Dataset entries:
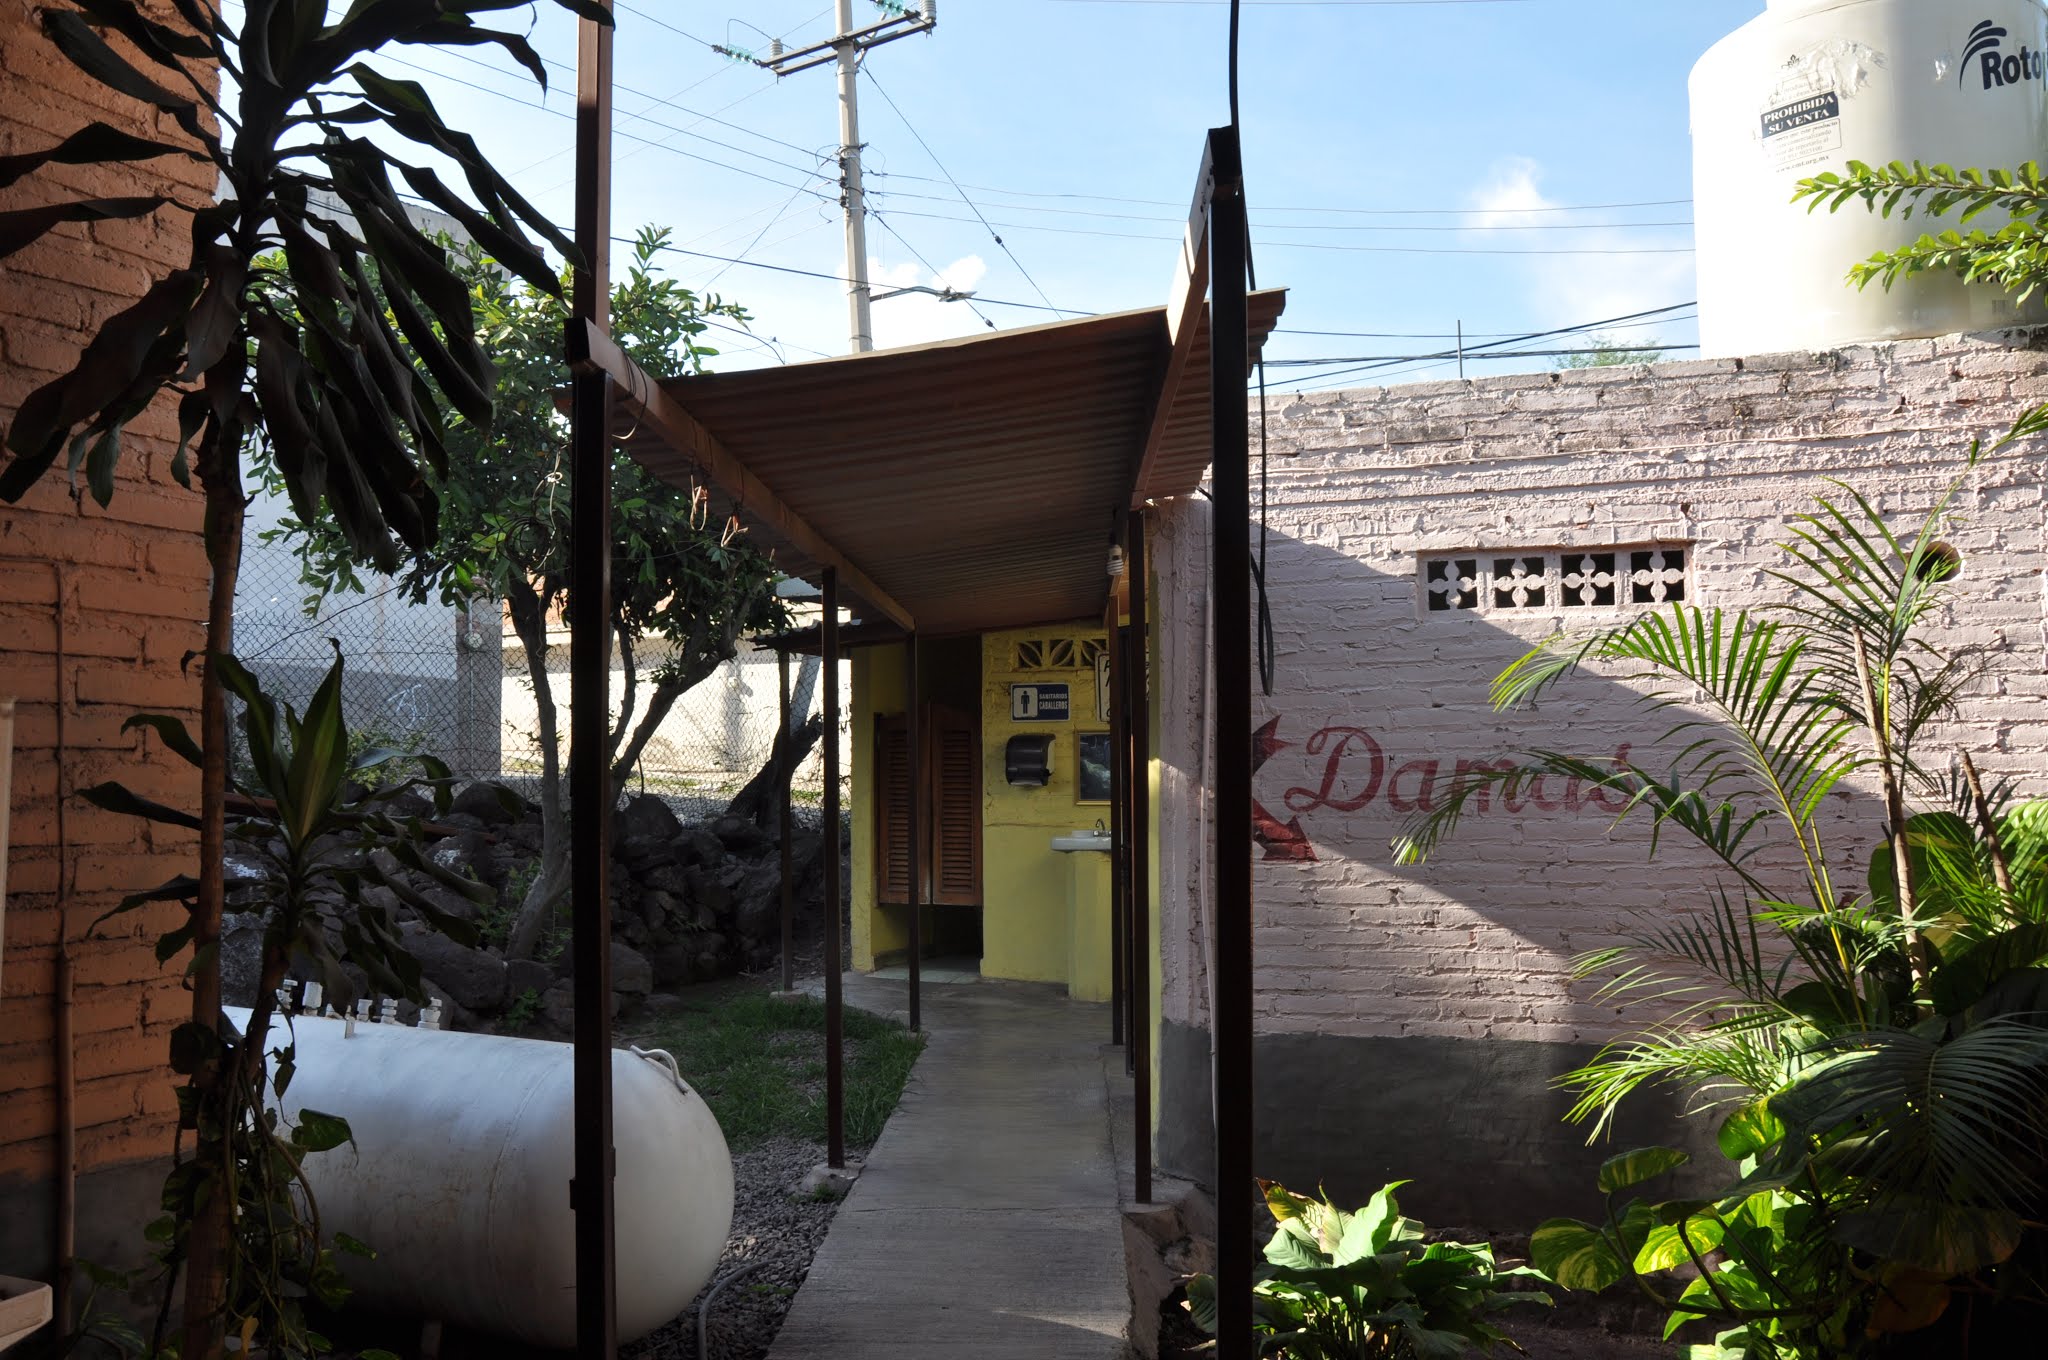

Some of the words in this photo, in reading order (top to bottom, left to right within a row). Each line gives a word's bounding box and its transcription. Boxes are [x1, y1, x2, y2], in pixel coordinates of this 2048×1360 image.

[1763, 95, 1834, 124] PROHIBIDA
[1768, 121, 1784, 135] SU
[1786, 109, 1830, 128] VENTA
[1039, 701, 1068, 710] CABALLEROS
[1284, 726, 1638, 813] Damas
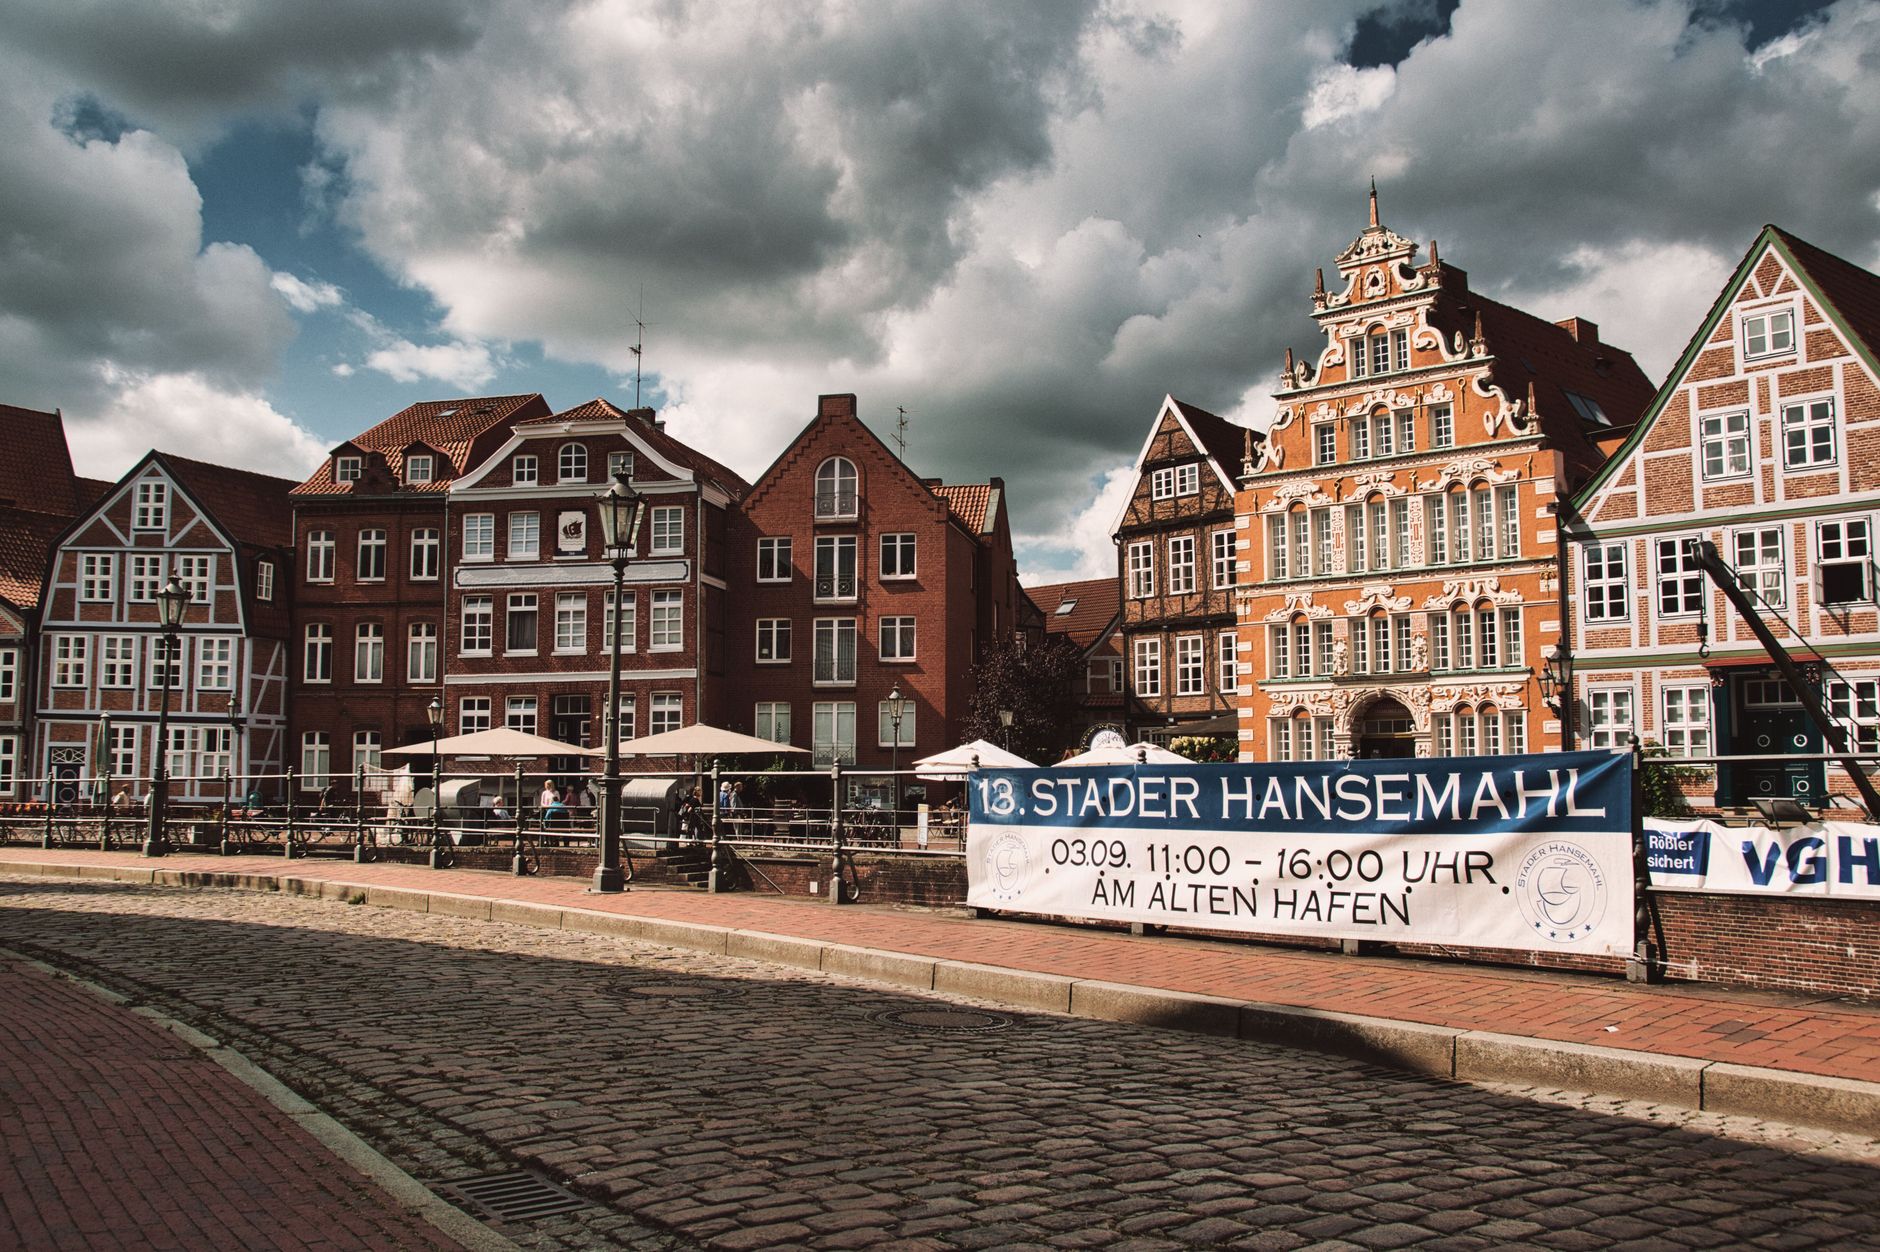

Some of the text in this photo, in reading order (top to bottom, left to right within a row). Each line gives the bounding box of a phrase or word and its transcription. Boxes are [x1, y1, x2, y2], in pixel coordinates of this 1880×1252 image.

[978, 768, 1606, 822] 13. STADER HANSEMAHL
[1051, 839, 1131, 868] 03.09.
[1147, 844, 1230, 875] 11:00
[1278, 848, 1383, 882] 16:00
[1402, 850, 1496, 884] UHR
[1517, 843, 1603, 891] STADER HANSEMAHL
[1741, 835, 1880, 886] VGH
[1091, 878, 1410, 926] AM ALTEN HAFEN
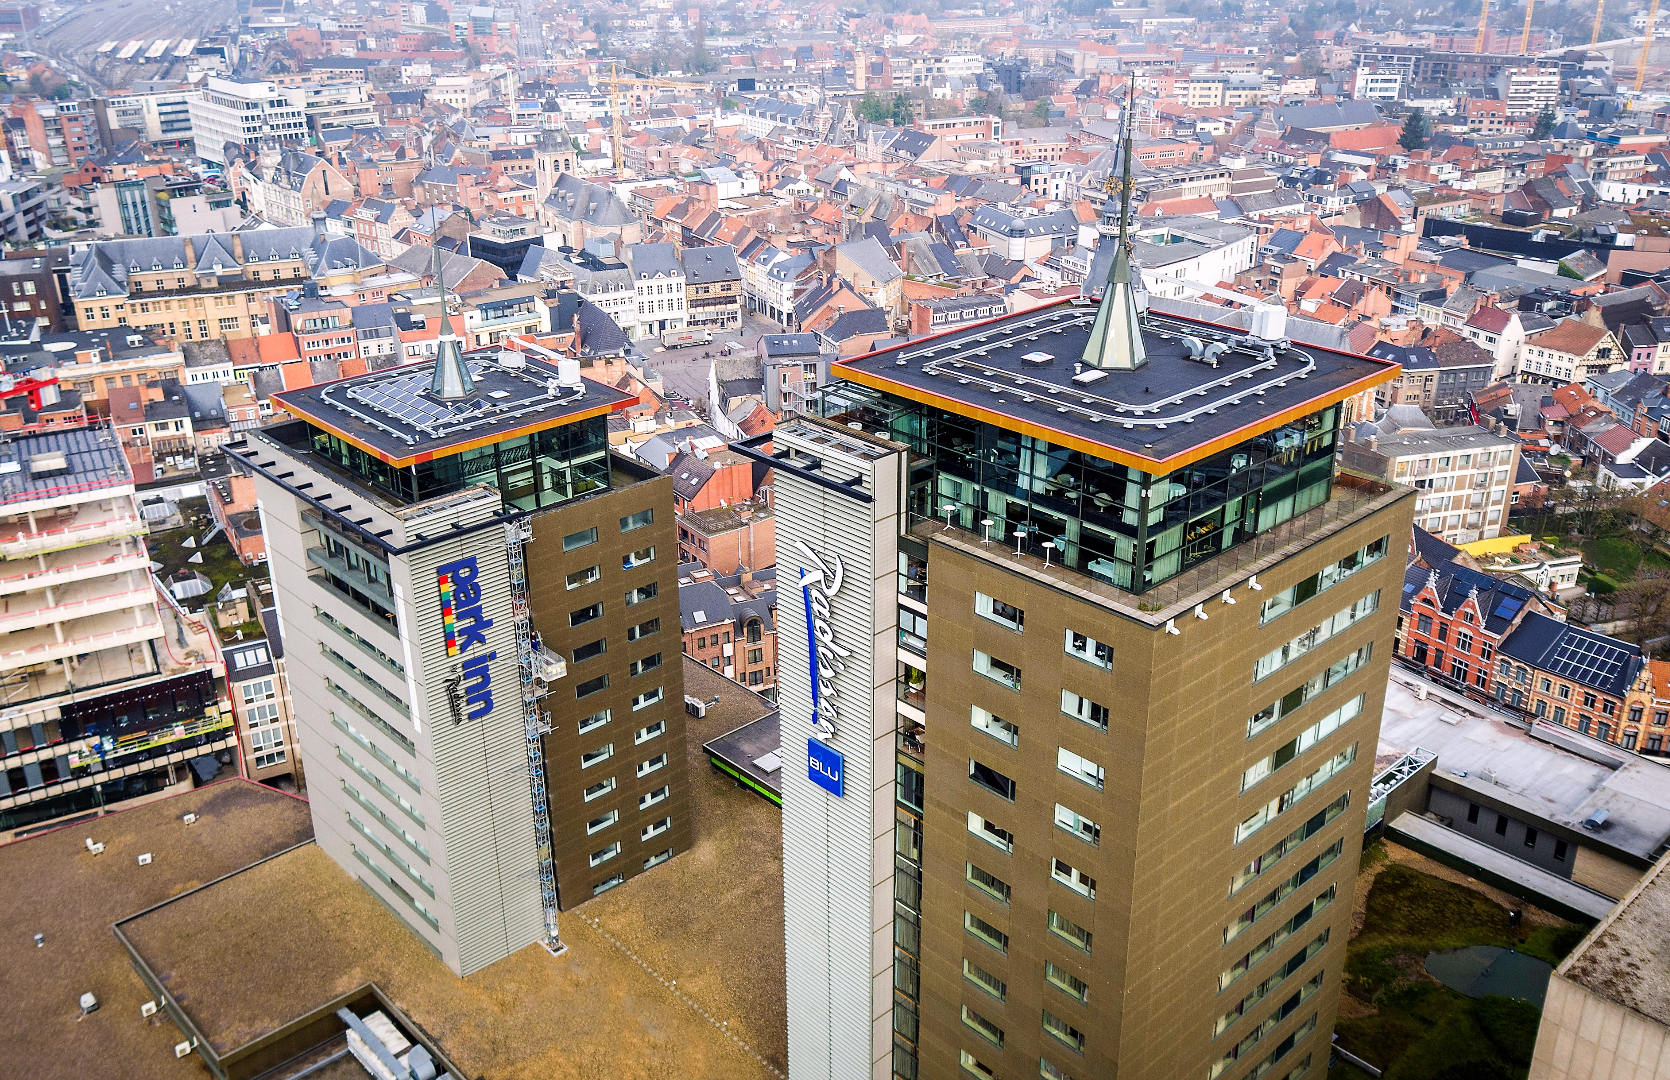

● **Task prompt**
Please set down every record exactly as it appears, leaving out the pictures.

● **Output for this task**
Some of the words in this photo, in reading order (top to bottom, left to right within a row). Each line gives a word's bounding box and its transcription. Boxes are [x1, y1, x2, y2], in pixel coordinates of this 2048×1360 image.

[1763, 95, 1834, 124] PROHIBIDA
[1768, 121, 1784, 135] SU
[1786, 109, 1830, 128] VENTA
[1039, 701, 1068, 710] CABALLEROS
[1284, 726, 1638, 813] Damas

Some of the text in this photo, in reading order (top to bottom, left to right within a row). Each line gives the bounding box of a phrase or word and its transcription. Boxes are [x1, y1, x2, y2], in pixel coordinates of this 1880×1252 image.

[978, 768, 1606, 822] 13. STADER HANSEMAHL
[1051, 839, 1131, 868] 03.09.
[1147, 844, 1230, 875] 11:00
[1278, 848, 1383, 882] 16:00
[1402, 850, 1496, 884] UHR
[1517, 843, 1603, 891] STADER HANSEMAHL
[1741, 835, 1880, 886] VGH
[1091, 878, 1410, 926] AM ALTEN HAFEN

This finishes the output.